Galileo (…) comprendió (…) que el estudio del mundo natural se veía entorpecido  por la búsqueda aristotélica de las causas y que, en lugar de las causas, la investigación debería buscar patrones y leyes de la naturaleza

La búsqueda de leyes universales en la naturaleza acabó por conducir a una investigación similar en todos los ámbitos de la actividad humana


  El materialismo de Aristóteles no es todavía la ciencia, de la misma forma que el estoicismo no es todavía el cristianismo. Hay dos elementos que faltan y que son los que añade el cristianismo: la humildad (aceptación de nuestra irracionalidad emocional) y el rechazo a la tradición. La primera es consecuencia del universalismo que los estoicos (y todo el pensamiento clásico) aceptan en la teoría pero no en la práctica. El segundo (el rechazo a la tradición: el futuro mejor que no es retorno a un pasado ancestral) será una larga lucha del cristianismo el lograr que el mundo lo acepte.

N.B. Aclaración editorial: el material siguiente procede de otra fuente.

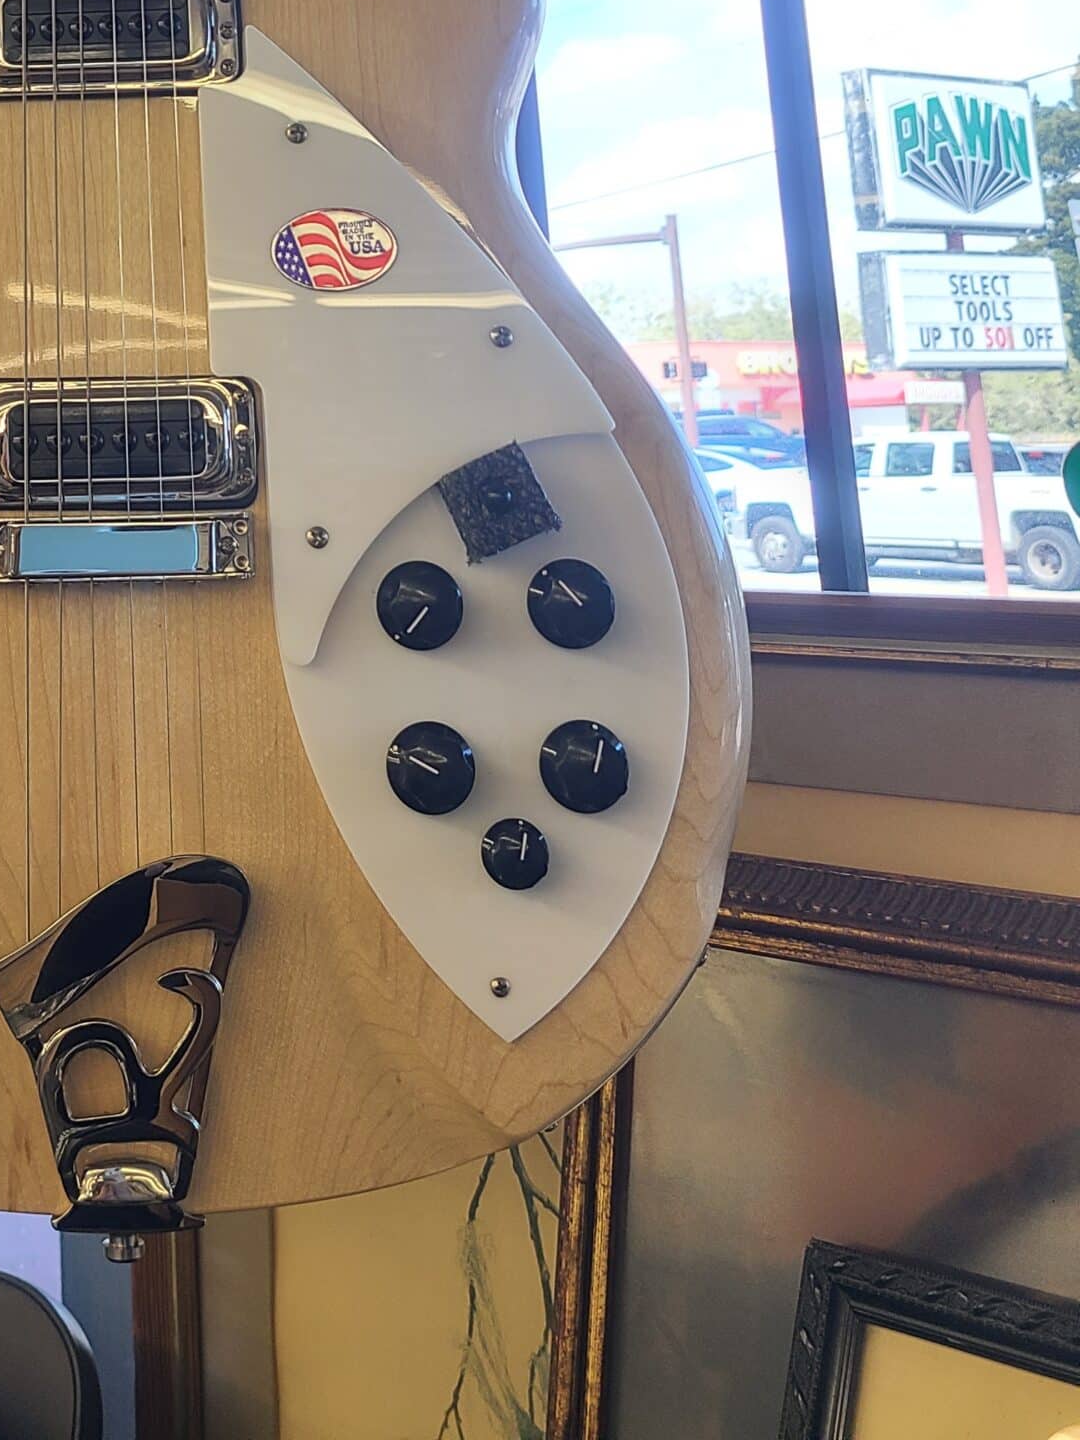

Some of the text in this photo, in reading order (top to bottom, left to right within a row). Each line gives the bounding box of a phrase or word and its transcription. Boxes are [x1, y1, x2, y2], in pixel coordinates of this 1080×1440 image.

[890, 92, 1032, 182] PAWN
[349, 239, 385, 255] USA
[357, 232, 375, 240] THE
[949, 274, 1011, 297] SELECT
[955, 301, 1013, 322] TOOLS
[920, 326, 941, 348] UP
[950, 326, 974, 348] TO
[1024, 327, 1054, 349] OFF

Thomas Paine preguntó por qué debía obedecer a las condiciones y a las tradiciones de sus antepasados; la pregunta, realmente, era revolucionaria

  Roger Osborne no lo menciona, pero durante la expansión del cristianismo en el periodo romano hubo cristianos no vinculados a la tradición judía que se plantearon que su doctrina partiera exclusivamente del Evangelio. Tal pretensión fue rechazada por los conservadores que temían que una doctrina sin el respaldo de una antigua tradición pudiese ser inaceptable. Los estoicos, desde luego, jamás se plantearon rechazar la tradición, muy al contrario, el respeto a la tradición suponía para ellos una virtud en sí misma (en esto, se parecían mucho a sus contemporáneos, los confucionistas chinos). 

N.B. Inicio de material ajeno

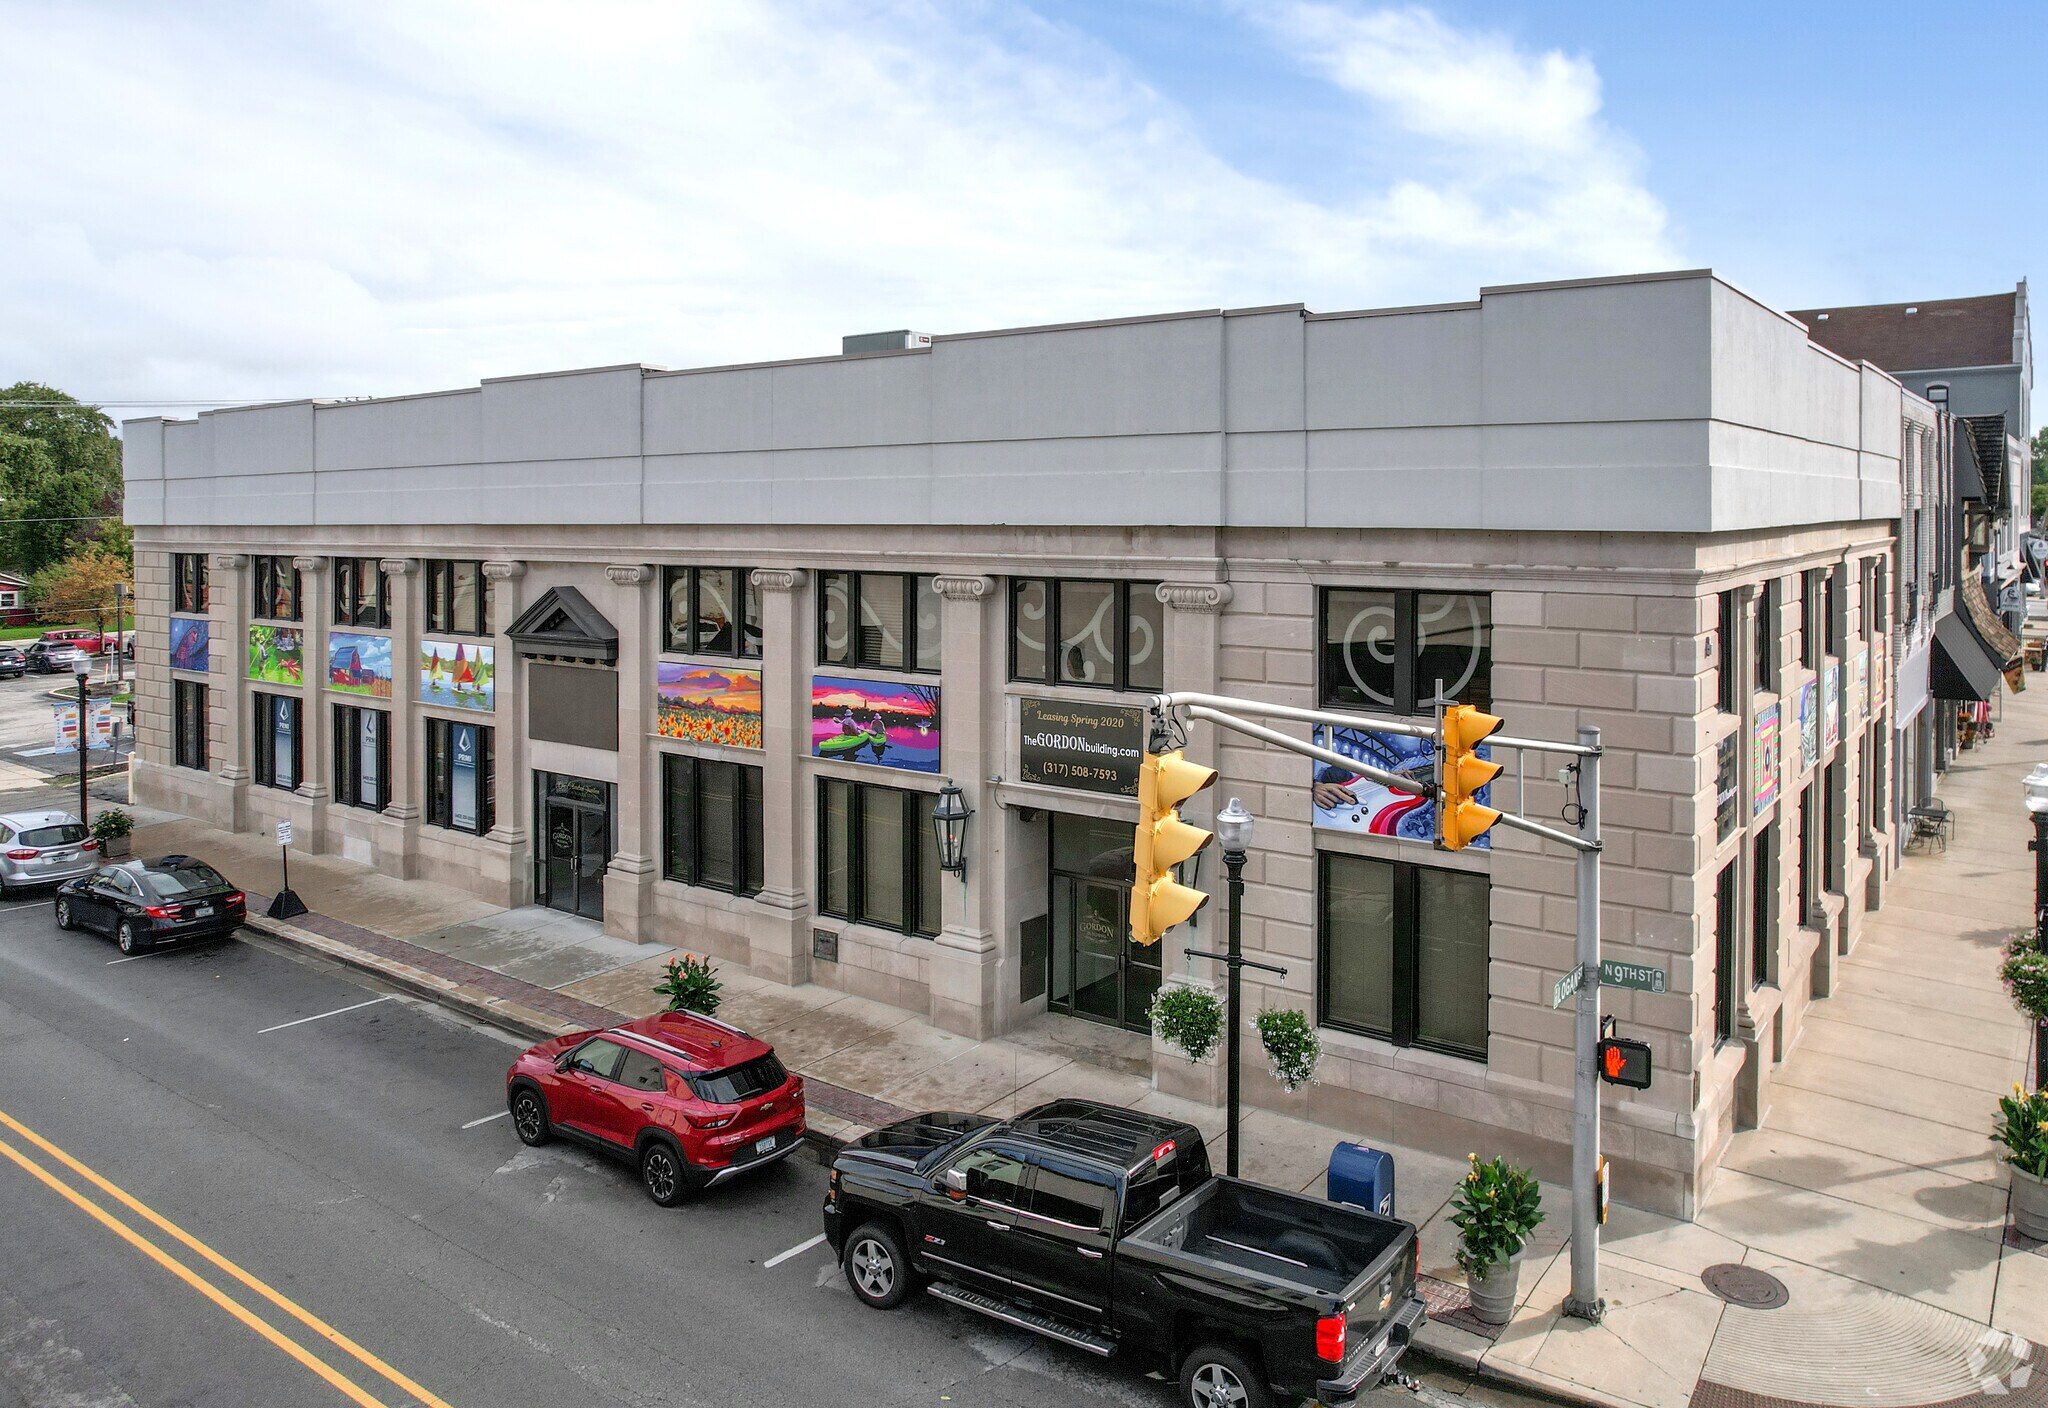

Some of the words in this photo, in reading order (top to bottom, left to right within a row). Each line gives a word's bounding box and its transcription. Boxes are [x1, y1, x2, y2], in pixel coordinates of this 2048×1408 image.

[1036, 710, 1070, 725] Leasing
[1070, 713, 1100, 729] Spring
[1100, 716, 1125, 728] 2020
[1023, 732, 1140, 758] TheGORDONbuilding.com
[1043, 761, 1069, 777] (317)
[1071, 765, 1118, 781] 508-7593
[1079, 922, 1114, 938] GORDON
[1605, 964, 1613, 976] N
[1614, 965, 1637, 983] 9TH
[1639, 969, 1653, 982] ST
[1557, 972, 1578, 1004] LOGAN

  El paulatino desapego de la tradición (que ni en el mismo Evangelio es explícito, pero sí implícito: el amor cristiano de Jesús rechaza al Dios vengativo y cruel del Antiguo Testamento)  viene dado por la tendencia civilizatoria básica:

El derecho consuetudinario cede el puesto a la ley escrita, la experiencia a la abstracción. 

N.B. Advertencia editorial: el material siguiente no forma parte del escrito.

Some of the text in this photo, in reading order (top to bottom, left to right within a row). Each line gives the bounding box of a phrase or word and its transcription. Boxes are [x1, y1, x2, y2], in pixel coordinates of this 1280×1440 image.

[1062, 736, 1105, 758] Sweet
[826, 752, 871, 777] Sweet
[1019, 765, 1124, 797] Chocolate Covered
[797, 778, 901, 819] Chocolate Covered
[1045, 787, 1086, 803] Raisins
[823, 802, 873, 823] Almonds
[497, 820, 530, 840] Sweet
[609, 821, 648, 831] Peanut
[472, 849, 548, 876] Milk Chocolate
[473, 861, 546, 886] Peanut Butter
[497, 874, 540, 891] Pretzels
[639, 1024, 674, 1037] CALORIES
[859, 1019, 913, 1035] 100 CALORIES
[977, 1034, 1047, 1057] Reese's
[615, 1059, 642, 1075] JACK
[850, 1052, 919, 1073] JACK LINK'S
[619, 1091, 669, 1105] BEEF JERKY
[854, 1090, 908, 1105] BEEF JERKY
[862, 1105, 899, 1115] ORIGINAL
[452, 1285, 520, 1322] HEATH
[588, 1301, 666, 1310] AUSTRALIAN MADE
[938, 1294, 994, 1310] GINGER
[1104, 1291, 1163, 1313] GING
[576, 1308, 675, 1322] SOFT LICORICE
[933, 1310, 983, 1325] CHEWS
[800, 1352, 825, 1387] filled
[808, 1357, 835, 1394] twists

    Hasta el cristianismo, toda la cultura universal se basa en transmitir la tradición. Es con el cristianismo cuando surge una idea de futuro rupturista, solo vagamente vinculada al pasado. El mensaje cristiano acepta la experiencia al humanizar la divinidad. A la larga, la humanidad será divinizada (y por ello el sufrimiento humano será condenado y el consuelo de la afección mutua se verá exaltado) y la tradición quedará solo como parte de la experiencia, no se antepondrá a ella.

 La esencia del desarrollo civilizatorio es, sin duda, la moralidad, pero ya hemos visto que la misma ciencia se ve afectada por la evolución de la moralidad. Igual sucede con la economía y la política.  Desde el punto de vista político y económico, la civilización se hace notar en Occidente por el surgimiento de las ciudades libres en la Baja Edad Media: cuando los reyes y nobles consienten la asociación de mercaderes, gremios y “burgueses”, dando lugar a nuevas entidades políticas mucho más universalistas.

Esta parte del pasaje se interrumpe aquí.